Conditional Multi-Factor

The Conditional Multi-Factor action adds a condition after the authenticator has run. The condition decides if additional factors are required. This means it is a dynamic way of adding additional factors to the authentication.

It can be configured to operate in three different condition modes:

Mode Description
Attribute Enable Condition Checks for a boolean attribute and runs second factor if true.
Attribute ACR Condition Checks for an attribute containing an ACR, that ACR is used as the second factor.
Subject Condition Matches the subject against a rule-set. Picks second factor based on the rule configured for the match.
Client Property Condition Prompts for the second factor by matching the requesting client against a set of expressions.

Attribute Enable Condition

The Attribute Enable Condition mode runs a predefined second factor if the condition is met.

The condition is an attribute from the authenticator or previous actions that is set to true. When true, the MFA action will run that second factor before letting the user through.

The attribute the action looks for by default is named requireSecondFactor but can be configured to any attribute name. The location from where that attribute is retrieved can also be configured to be subject-attributes (the default), context-attributes, or action-attributes.

A common use is to configure another action before the Conditional Multi-Factor action to look up an attribute about the user. If the requireSecondFactor has the value true the second factor is triggered.

Attribute Enable Condition


The second factor to use when condition is true is statically configured on the action along with the attribute name to look for.


Fig. 99 Configuration of the Attribute Enable Condition

Attribute ACR Condition

With the Attribute ACR Condition mode, you allow the user to configure their preferred second factor. This is done out of band, and placed in a data source or other place where the actions can find the attribute.

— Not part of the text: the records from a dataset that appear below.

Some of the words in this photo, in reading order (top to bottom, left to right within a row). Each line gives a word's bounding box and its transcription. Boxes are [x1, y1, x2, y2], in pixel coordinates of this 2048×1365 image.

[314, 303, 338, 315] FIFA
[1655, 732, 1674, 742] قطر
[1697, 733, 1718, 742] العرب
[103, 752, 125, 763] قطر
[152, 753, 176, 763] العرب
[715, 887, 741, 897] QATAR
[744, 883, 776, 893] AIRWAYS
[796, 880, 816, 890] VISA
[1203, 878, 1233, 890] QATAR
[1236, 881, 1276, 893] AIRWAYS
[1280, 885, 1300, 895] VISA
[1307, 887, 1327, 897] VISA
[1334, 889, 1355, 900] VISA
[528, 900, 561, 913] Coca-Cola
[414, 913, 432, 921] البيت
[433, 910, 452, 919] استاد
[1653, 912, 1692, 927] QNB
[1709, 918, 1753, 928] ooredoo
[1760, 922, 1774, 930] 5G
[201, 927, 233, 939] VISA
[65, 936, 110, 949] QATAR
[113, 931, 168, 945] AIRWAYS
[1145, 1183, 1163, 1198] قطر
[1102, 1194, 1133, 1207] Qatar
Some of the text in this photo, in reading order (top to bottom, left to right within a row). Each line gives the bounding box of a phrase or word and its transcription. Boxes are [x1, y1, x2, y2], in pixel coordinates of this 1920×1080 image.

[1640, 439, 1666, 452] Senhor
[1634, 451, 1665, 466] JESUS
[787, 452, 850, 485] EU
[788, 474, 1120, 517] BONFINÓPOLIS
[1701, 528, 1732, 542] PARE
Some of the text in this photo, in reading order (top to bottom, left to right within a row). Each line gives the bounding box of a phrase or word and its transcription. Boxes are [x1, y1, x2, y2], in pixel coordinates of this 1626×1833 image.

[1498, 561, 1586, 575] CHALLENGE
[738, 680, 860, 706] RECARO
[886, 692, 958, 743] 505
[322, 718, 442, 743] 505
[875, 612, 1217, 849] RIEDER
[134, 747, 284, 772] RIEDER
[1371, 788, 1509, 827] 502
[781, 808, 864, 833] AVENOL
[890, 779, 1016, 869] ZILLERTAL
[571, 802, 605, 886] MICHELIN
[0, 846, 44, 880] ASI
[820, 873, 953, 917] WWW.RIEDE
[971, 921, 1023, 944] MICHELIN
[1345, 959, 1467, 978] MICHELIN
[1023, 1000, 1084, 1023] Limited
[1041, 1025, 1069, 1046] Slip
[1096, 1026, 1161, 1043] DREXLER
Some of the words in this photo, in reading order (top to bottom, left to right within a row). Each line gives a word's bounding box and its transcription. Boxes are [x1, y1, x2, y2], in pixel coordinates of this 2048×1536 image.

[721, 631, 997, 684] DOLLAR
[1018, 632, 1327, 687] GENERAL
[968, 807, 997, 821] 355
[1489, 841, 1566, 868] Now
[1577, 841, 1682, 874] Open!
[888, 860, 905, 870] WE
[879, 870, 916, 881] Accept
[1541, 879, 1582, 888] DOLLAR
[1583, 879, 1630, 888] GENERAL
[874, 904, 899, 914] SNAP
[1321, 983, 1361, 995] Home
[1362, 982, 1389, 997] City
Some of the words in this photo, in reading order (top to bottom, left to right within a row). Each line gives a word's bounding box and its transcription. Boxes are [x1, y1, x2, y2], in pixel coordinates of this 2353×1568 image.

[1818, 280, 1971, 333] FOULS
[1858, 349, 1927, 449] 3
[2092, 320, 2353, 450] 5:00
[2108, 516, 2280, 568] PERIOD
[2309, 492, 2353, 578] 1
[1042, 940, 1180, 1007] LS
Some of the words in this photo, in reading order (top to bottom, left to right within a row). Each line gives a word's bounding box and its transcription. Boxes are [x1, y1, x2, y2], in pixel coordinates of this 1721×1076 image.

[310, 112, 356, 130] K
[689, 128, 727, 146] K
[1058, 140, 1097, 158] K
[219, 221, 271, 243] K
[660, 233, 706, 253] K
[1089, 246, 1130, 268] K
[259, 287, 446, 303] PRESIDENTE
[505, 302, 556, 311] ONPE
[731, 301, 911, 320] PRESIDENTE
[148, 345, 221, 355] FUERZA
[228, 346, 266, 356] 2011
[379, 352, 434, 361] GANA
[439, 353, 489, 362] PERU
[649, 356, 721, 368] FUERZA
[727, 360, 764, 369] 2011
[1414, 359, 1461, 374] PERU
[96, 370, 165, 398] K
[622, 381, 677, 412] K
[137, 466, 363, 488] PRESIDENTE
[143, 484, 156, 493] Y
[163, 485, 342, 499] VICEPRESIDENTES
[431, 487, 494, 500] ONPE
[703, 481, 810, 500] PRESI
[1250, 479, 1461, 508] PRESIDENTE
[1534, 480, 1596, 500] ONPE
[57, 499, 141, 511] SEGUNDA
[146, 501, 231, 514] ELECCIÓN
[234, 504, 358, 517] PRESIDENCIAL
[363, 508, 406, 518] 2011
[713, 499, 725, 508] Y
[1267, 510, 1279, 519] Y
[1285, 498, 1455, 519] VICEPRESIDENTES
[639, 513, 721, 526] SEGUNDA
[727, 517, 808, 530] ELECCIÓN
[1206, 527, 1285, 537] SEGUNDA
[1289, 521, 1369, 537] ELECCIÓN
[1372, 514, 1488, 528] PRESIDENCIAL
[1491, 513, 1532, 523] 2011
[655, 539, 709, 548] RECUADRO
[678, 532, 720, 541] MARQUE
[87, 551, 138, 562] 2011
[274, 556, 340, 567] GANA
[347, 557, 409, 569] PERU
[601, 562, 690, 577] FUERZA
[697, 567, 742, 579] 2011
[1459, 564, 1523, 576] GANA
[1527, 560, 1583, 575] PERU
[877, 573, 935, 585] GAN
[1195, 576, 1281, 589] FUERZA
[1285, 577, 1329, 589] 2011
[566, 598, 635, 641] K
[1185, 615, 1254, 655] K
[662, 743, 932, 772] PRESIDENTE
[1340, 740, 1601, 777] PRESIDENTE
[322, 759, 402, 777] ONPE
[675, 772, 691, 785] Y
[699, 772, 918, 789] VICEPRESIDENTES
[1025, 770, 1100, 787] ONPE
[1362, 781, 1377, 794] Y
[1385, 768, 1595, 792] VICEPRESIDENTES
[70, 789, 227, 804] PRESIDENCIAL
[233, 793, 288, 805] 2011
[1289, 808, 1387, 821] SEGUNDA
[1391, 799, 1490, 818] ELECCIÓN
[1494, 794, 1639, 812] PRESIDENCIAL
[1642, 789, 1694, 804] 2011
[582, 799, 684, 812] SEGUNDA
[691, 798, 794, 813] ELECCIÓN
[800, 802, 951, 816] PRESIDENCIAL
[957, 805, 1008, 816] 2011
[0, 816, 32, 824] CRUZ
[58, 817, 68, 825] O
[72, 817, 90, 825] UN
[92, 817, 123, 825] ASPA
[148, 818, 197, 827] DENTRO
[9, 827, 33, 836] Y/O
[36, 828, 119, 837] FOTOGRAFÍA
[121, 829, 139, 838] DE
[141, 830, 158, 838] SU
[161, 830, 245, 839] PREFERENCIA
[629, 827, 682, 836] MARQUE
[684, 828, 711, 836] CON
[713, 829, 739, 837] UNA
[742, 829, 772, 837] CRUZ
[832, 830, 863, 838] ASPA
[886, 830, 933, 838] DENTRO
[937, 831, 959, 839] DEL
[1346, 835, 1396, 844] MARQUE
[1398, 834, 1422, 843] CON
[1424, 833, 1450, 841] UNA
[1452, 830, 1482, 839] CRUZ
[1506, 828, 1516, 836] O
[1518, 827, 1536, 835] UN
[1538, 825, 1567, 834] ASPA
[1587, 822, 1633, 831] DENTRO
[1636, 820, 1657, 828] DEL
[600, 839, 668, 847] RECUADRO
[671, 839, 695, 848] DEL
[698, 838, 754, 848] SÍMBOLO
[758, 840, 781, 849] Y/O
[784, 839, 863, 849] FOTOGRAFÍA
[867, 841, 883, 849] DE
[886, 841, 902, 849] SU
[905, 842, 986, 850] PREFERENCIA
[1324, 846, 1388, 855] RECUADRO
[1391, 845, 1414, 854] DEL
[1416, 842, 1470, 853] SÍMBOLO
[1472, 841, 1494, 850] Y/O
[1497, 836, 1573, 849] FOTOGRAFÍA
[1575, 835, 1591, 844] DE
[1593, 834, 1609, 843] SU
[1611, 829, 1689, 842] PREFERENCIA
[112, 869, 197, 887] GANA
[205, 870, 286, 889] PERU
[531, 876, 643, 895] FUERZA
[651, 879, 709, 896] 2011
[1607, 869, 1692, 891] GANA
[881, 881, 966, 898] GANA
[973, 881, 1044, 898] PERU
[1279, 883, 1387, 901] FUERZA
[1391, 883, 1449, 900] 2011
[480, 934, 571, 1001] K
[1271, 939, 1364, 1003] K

Example: The user wants SMS to always be enabled as a second factor when logging in. This can be achieved by adding the ACR for the SMS authenticator configured to the users data. By default the Conditional Multi-Factor action looks for the ACR in the attribute named secondFactorAcr (this can be changed via configuration). The location from where that attribute is retrieved can also be configured to be subject-attributes (the default), context-attributes, or action-attributes.

When that attribute is found, the ACR is looked up, and if it matches an existing authenticator, it will be triggered. If there is no authenticator matching the ACR, the action will fail and the user will not be able to log in.


If the ACR found for a user does not exist in the current configuration the authentication for that user will fail.


Only the attribute name to look for is needed for configuration. By default it is set to secondFactorAcr. The authenticator to run is taken from this ACR value and matched against available authenticators in the profile.


Fig. 100 Configuration of the Attribute ACR Condition

Subject Condition

In the Subject Condition mode the username (subject) is matched against a set of regular expressions. Each condition has an associated authenticator that will run when the condition matches. Only the first matching condition will run, so order is important.

This can be useful when authenticating internal and external users with the same flow. External users could be configured with a different second factor than internal users.

Another use-case is when separating username and password in two different authenticators. Depending on the username the password may need to be validated against different backend. By matching on the username, we can call a second factor that verifies the password against the relevant source.


An ordered list of regular expressions and what authenticator to run when a match is found.


Fig. 101 Configuration of the Subject Condition

Client Property Condition

In the Client Property Condition the OAuth client that initiated the authentication flow can be ued to prompt for different second factors. These conditions are made up from a set of expressions paired with an authenticator. The first expression to evaluate to true will be selected, and its corresponding authenticator will be executed.

This could be useful when grouping clients in external and internal groups, and allow them to use different second factors. This example could be configured like this:

Condition Authenticator === 'external' TOTP === 'internal' SMS

All clients with a property of group with the value external will be prompted by the TOTP authenticator, and clients with the value internal would be prompted with the SMS authenticator. Any client without the group property would fail, so a “catch all” condition is advised.

Client Object

The client object has the following members:

Key Type Description
id String The ID of the client.
name String The friendly name of the client.
properties Map A map of the client properties.
requires_consent Boolean true if the client is configured to require consent.
is_public Boolean true if the client is public.

Subject Check

By default, this action checks that the subject name produced by the second factor authentication is equal to the currently authenticated subject name (the subject produced by the first factor). If these subjects are not equal then this action returns a failed result and the overall authentication does not succeed.

This default behavior is the safest one since in most cases both the first factor subject and the second factor subject need to match. However, there may be cases where these subjects can be different. For those specific cases, the disable-second-factor-subject-check config property can be set to true, resulting in the subject check not being performed and different first factor and second factor subjects being allowed.


Only use disable-second-factor-subject-check when the action usage scenario allows for different first factor and second factor subjects, typically because the association between these different subjects is checked or enforced somewhere else.